**PROBLEM:** In the copy, include every entry exactly but none of its images.

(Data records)

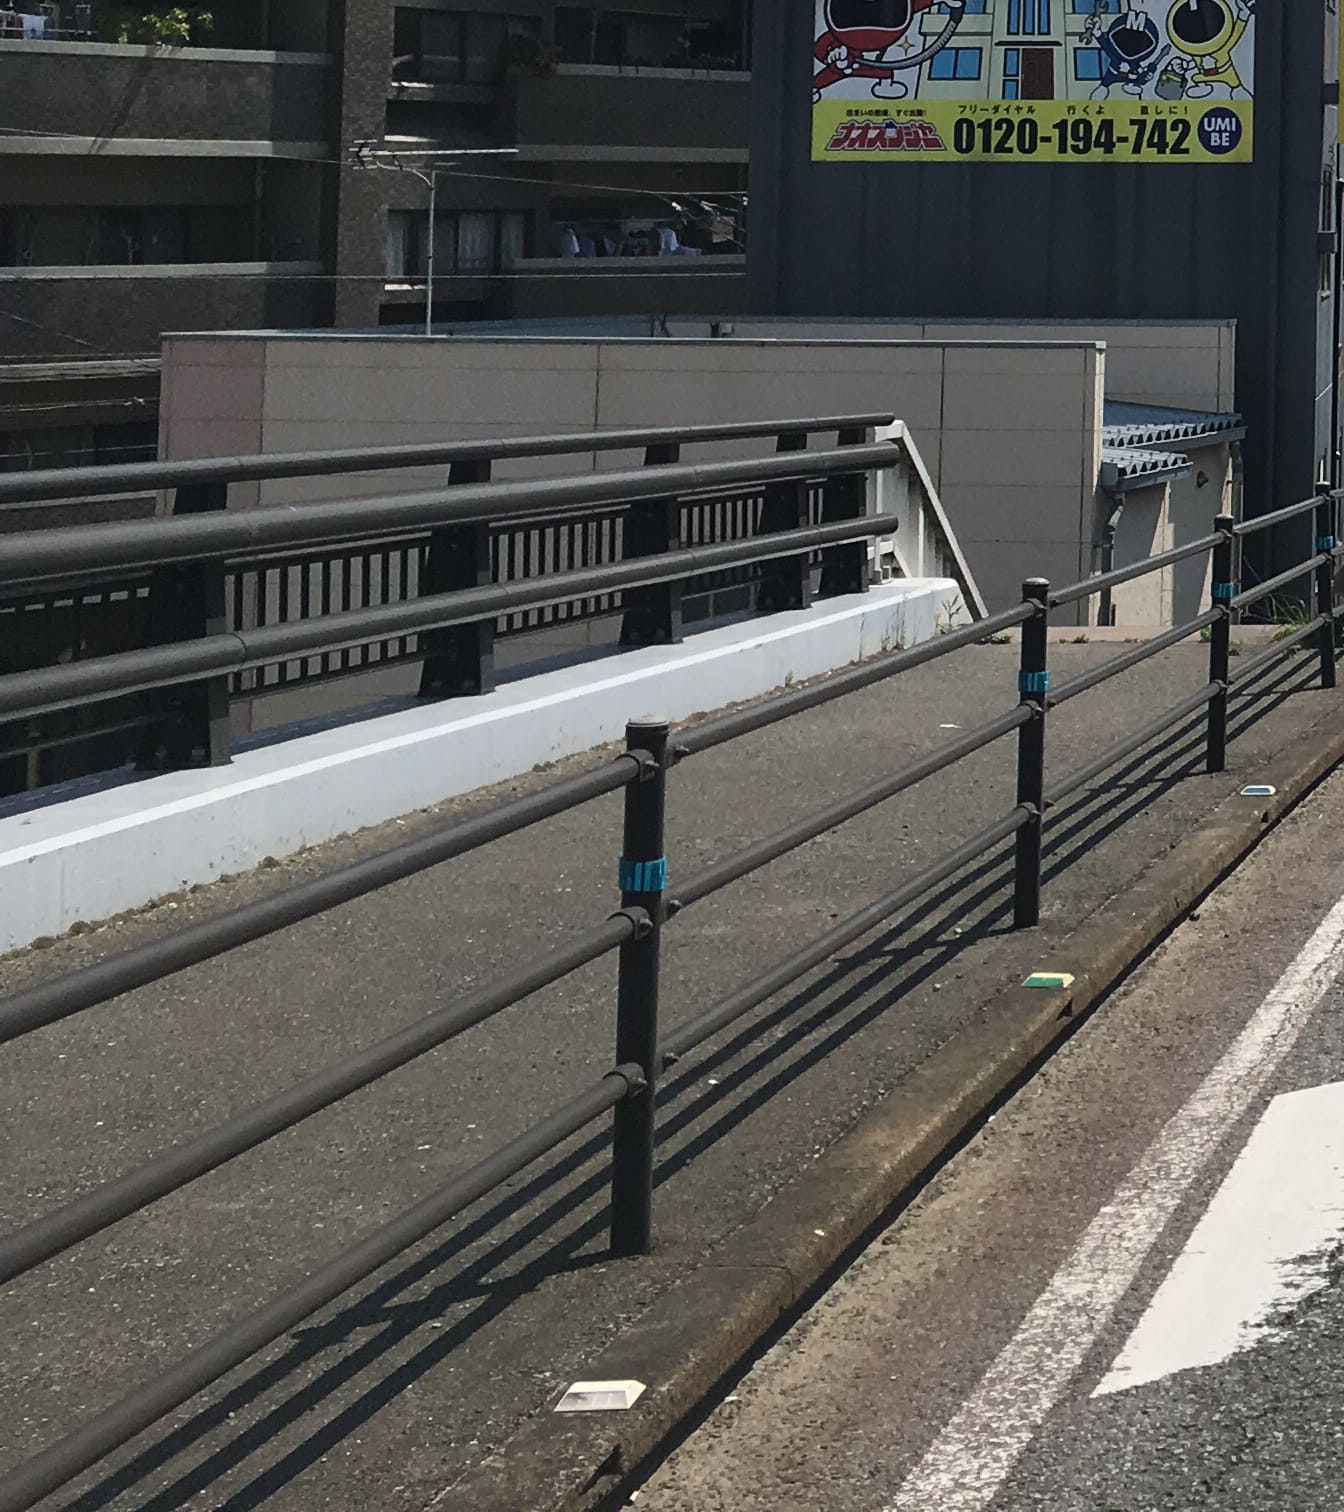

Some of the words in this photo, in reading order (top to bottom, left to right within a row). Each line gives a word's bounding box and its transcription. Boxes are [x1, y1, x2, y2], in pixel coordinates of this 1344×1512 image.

[1126, 10, 1146, 32] M
[958, 104, 1036, 115] フリーダイヤル
[1067, 104, 1105, 116] 行くよ
[1204, 116, 1236, 132] UMI
[954, 117, 1190, 155] 0120-194-742
[1210, 131, 1230, 146] BE
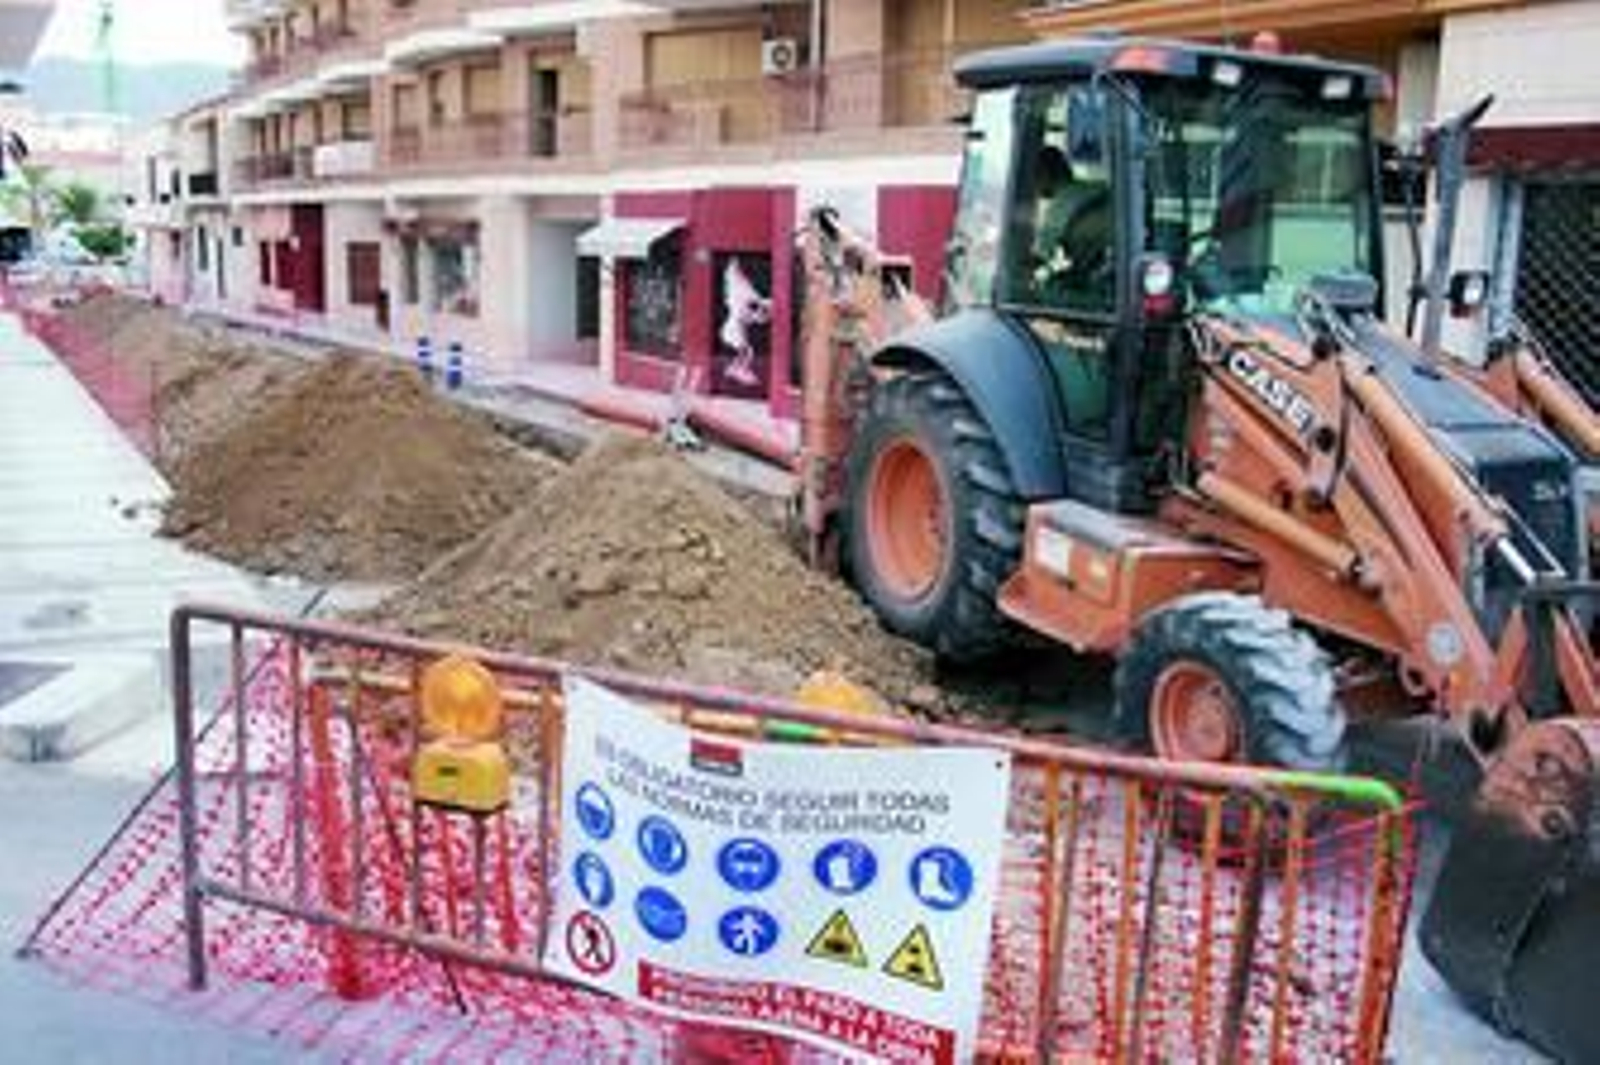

**WRITTEN ANSWER:**
Some of the words in this photo, in reading order (top to bottom, left to right within a row). Each line gives a word's bounding box and its transcription. Boxes are [x1, y1, x2, y2], in pixel coordinates of this 1344×1512 image.

[1126, 10, 1146, 32] M
[958, 104, 1036, 115] フリーダイヤル
[1067, 104, 1105, 116] 行くよ
[1204, 116, 1236, 132] UMI
[954, 117, 1190, 155] 0120-194-742
[1210, 131, 1230, 146] BE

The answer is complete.